Extracted entries

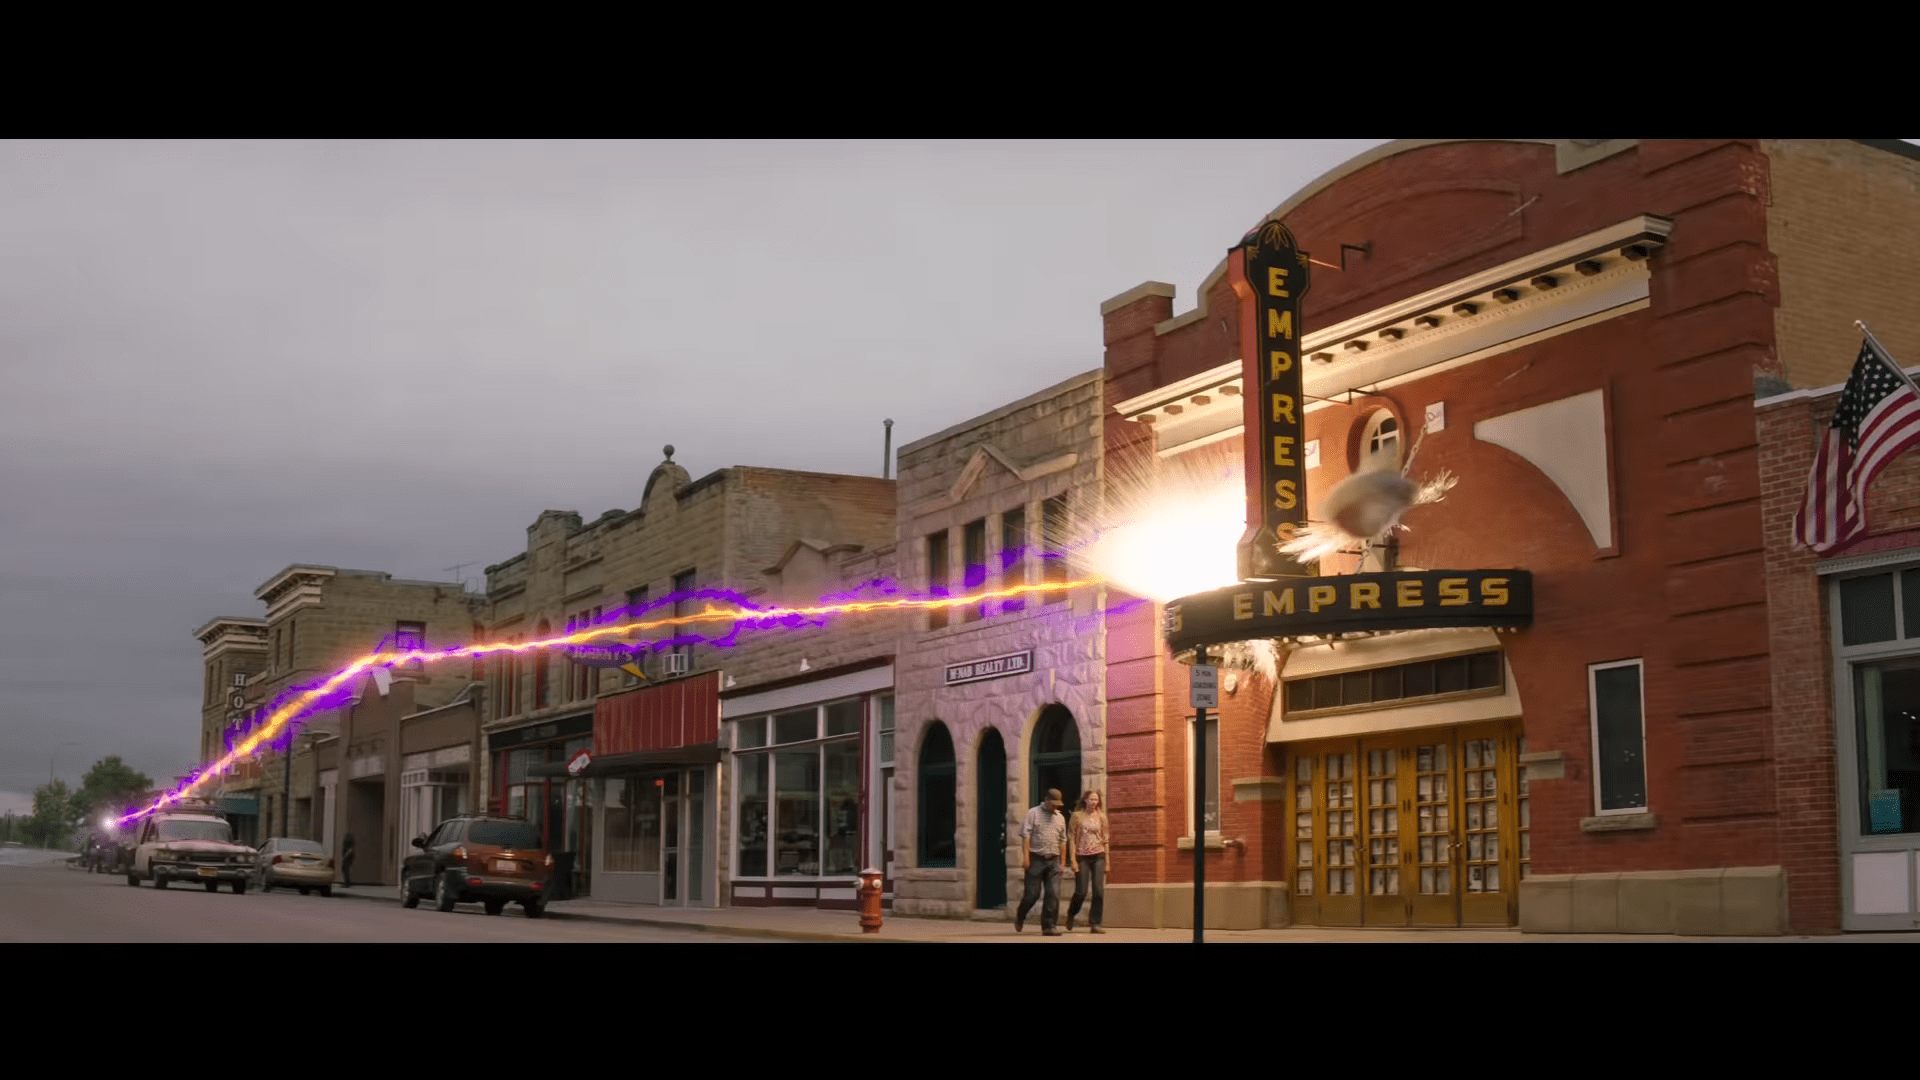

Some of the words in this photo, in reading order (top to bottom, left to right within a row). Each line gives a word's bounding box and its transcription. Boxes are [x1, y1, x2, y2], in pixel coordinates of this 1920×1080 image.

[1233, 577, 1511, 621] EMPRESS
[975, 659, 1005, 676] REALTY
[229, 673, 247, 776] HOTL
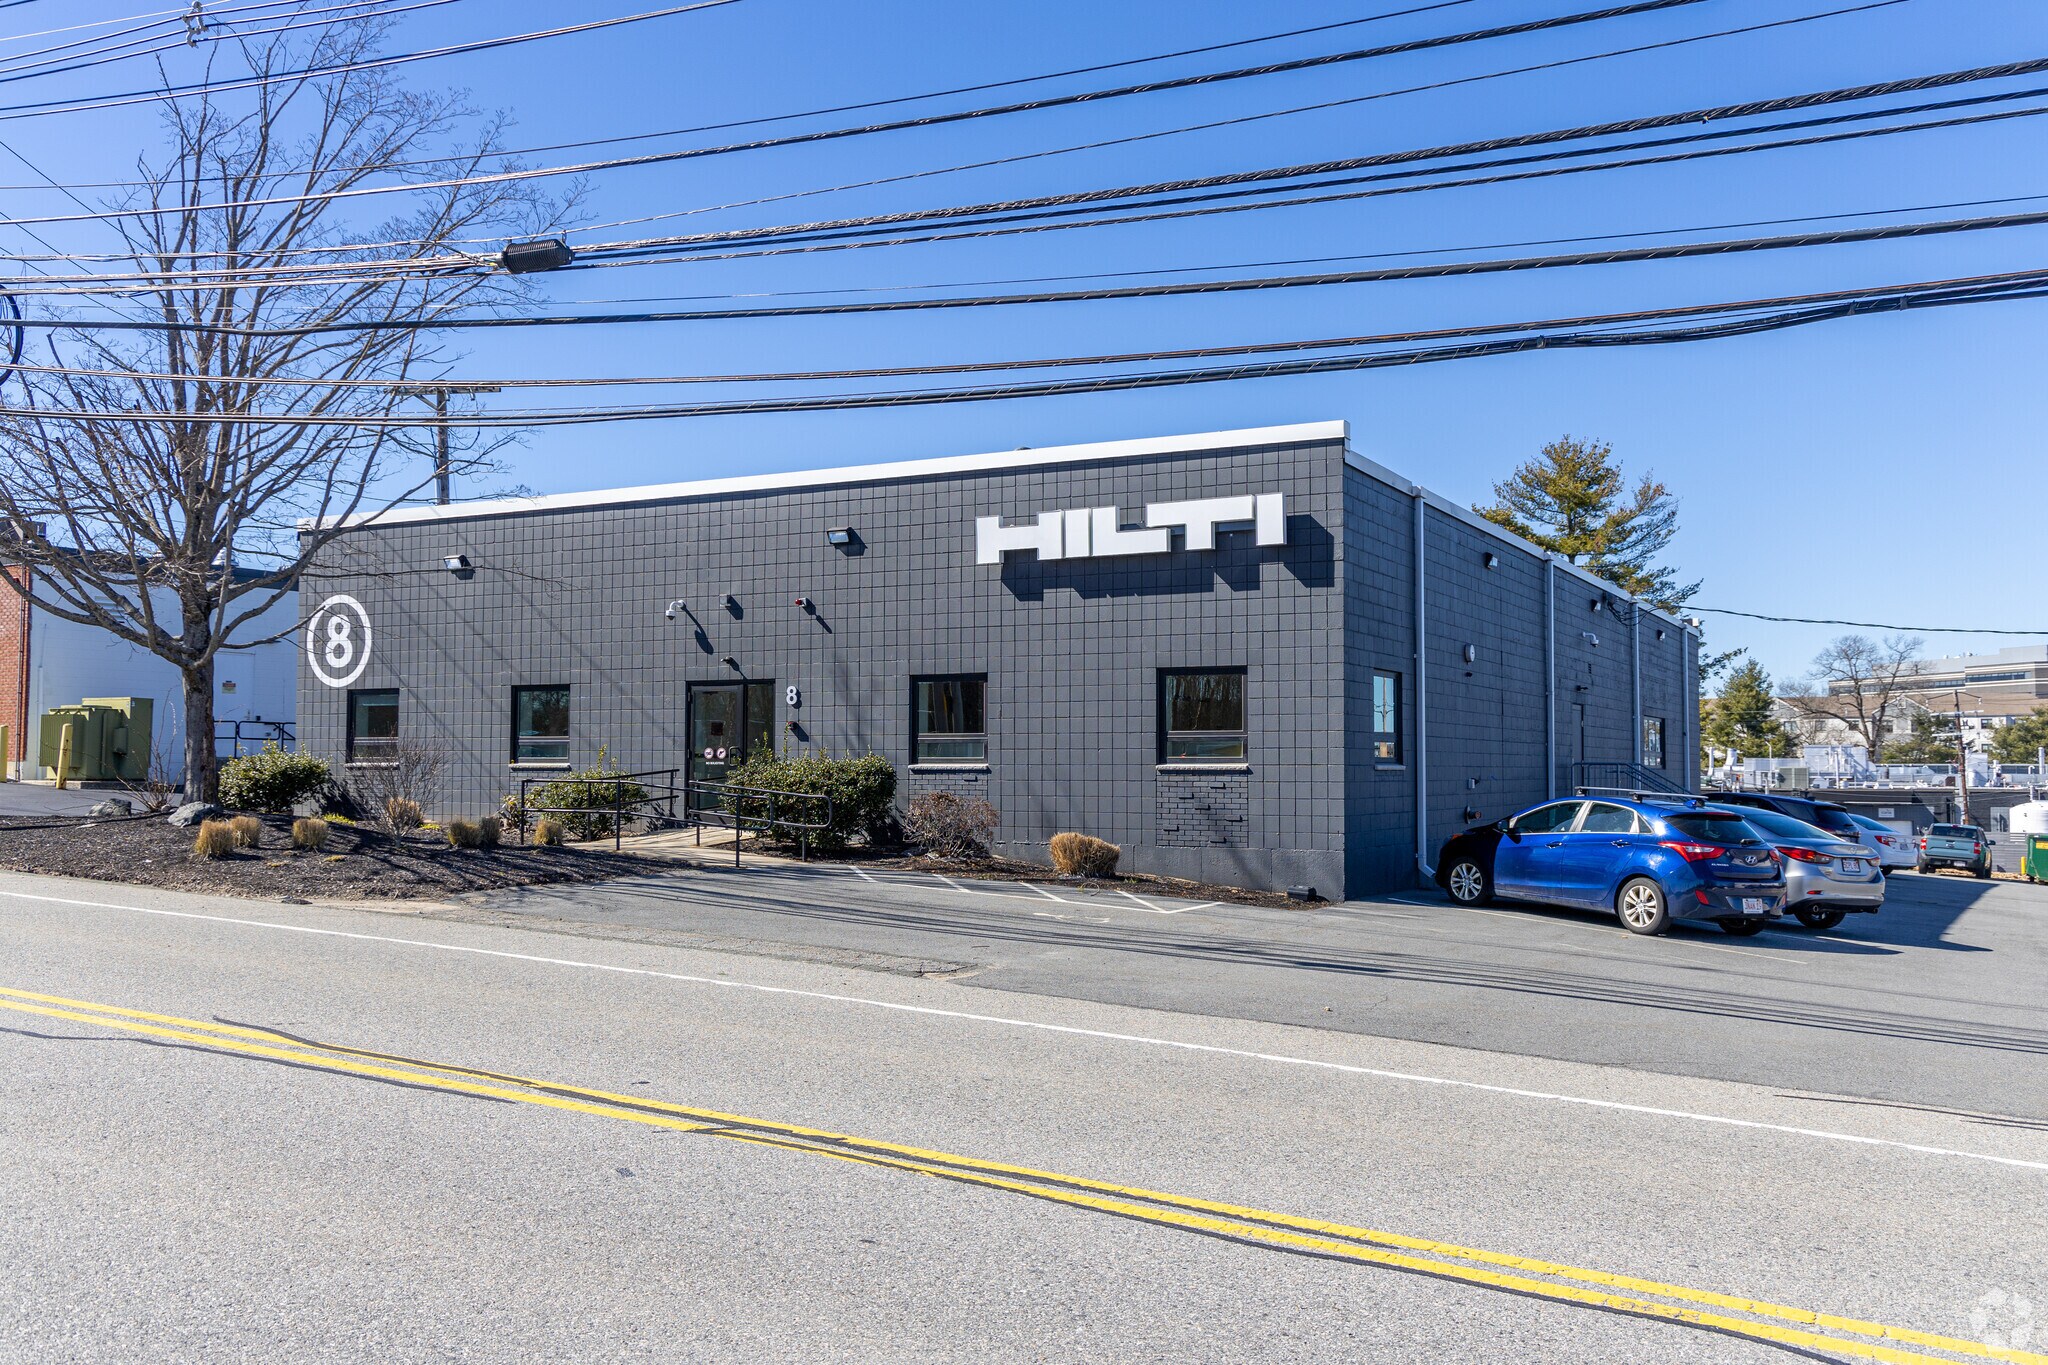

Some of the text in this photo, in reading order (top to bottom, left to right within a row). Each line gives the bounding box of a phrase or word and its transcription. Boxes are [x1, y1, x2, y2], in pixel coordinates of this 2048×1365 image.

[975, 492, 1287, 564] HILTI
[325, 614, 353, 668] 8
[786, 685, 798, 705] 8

Work to complete
Give exactly the lines from the one with "Some of the text" to the end of the entries, nothing before them.

Reply
Some of the text in this photo, in reading order (top to bottom, left to right within a row). Each line gives the bounding box of a phrase or word and its transcription. Boxes are [x1, y1, x2, y2], in pixel coordinates of this 2048×1365 image.

[975, 492, 1287, 564] HILTI
[325, 614, 353, 668] 8
[786, 685, 798, 705] 8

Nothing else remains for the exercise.